In 2007, Tilley collaborated again with a brand outside the fashion scene. She was asked to embellish the Elnett hairspray spray can by L’Oréal with a drawing. She wanted to show a sophisticated, exceptionally feminine but above all liberated woman in her design. From 2007 onwards, Tilley organized exhibitions/experiences on her domain, a former water mill, in Asbeek (Asse). During these events, her creations were exhibited, but prototypes and paintings of hers were also sold. In 2009, the central theme of this exhibition/experience was Albino. While the exhibitions of the previous two years were mainly retrospective, in 2009 she showed exclusively new creations.

After the bankruptcy of her shops in Brussels and Antwerp in 2009, a relaunch was started after two years. Under the name Salon de Rencontre Belle Boudoir, a complete experience world/experience was created. Tilley wanted to offer party and bridal wear, jewelry, the children's collection, lighting and furniture at an exclusive room level. In the salons, a permanent collection was for sale, with new creations added every month that were organized thematically. The clothing was handmade and could be made to measure.

==Death and legacy==
Tilley died unexpectedly on 22 June 2012 of pneumonia by pneumococcus. Her funeral took place on 28 June in an intimate setting at her estate in Asbeek. Before her death, she still had several ongoing projects. For example, she designed the uniforms for the cabin crew of Thomas Cook Airlines Belgium and there was the collection for the clothing chain JBC. In addition, she was still working on the costume design for the musical Peter Pan. The designs were further completed by her daughters Rebekka and Epiphany.

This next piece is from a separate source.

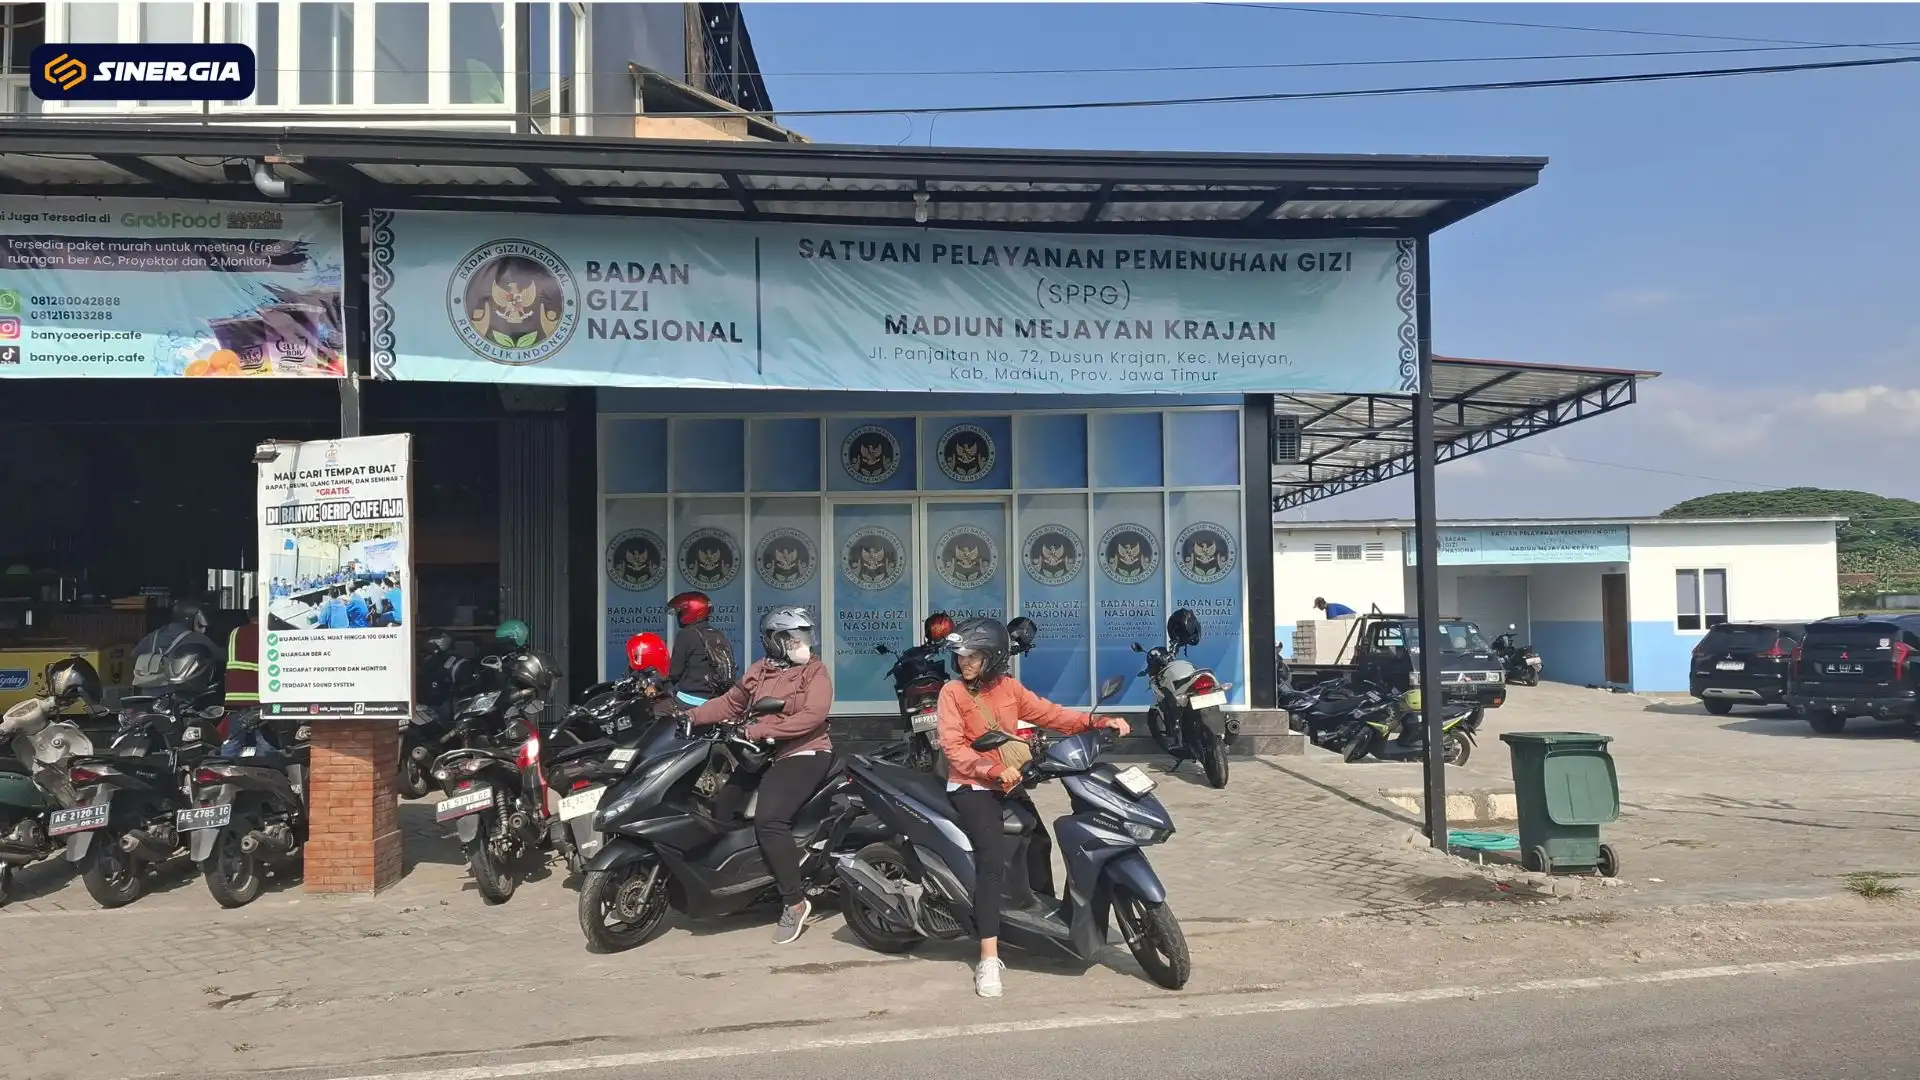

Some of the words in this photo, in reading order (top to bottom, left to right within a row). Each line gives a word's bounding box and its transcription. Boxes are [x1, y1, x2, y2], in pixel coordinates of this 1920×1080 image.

In September 2012, the two daughters organised a sale of collection and archive items as a farewell. They also took over the fashion company and created, among other things, the prêt-à-porter collections Heaven in 2013 and Earth in 2014. The Heaven collection was made in the style and atmosphere of Kaat Tilley. With this, the daughters wanted to show that the Kaat Tilley label would continue to exist. The Earth collection of 2014 showed the vision and the personal perspective of the two daughters on the label.

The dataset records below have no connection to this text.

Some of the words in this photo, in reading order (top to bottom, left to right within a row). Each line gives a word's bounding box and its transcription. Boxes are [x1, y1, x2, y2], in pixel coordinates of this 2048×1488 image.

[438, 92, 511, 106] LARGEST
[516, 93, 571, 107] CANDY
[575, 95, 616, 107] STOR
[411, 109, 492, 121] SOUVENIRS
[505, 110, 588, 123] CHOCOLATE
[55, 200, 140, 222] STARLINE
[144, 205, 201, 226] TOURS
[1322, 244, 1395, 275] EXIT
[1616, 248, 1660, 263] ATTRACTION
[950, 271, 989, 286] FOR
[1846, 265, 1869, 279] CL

In 2014, the non-profit organization Het Forum van Vlaamse vrouwen organized the overview exhibition “Tussen Hemel en Aarde” around Kaat Tilley. This took place in the Augustinian monastery in Ghent. With this, her daughters wanted to pay tribute to their deceased mother. Fashion creations, paintings, sculptures and sketchbooks were shown at the exhibition.

In 2017, Rebekka and Epiphany decided to put the fashion brand on hold to go their own way. In connection with this, their mother's domain in Asbeek was also sold.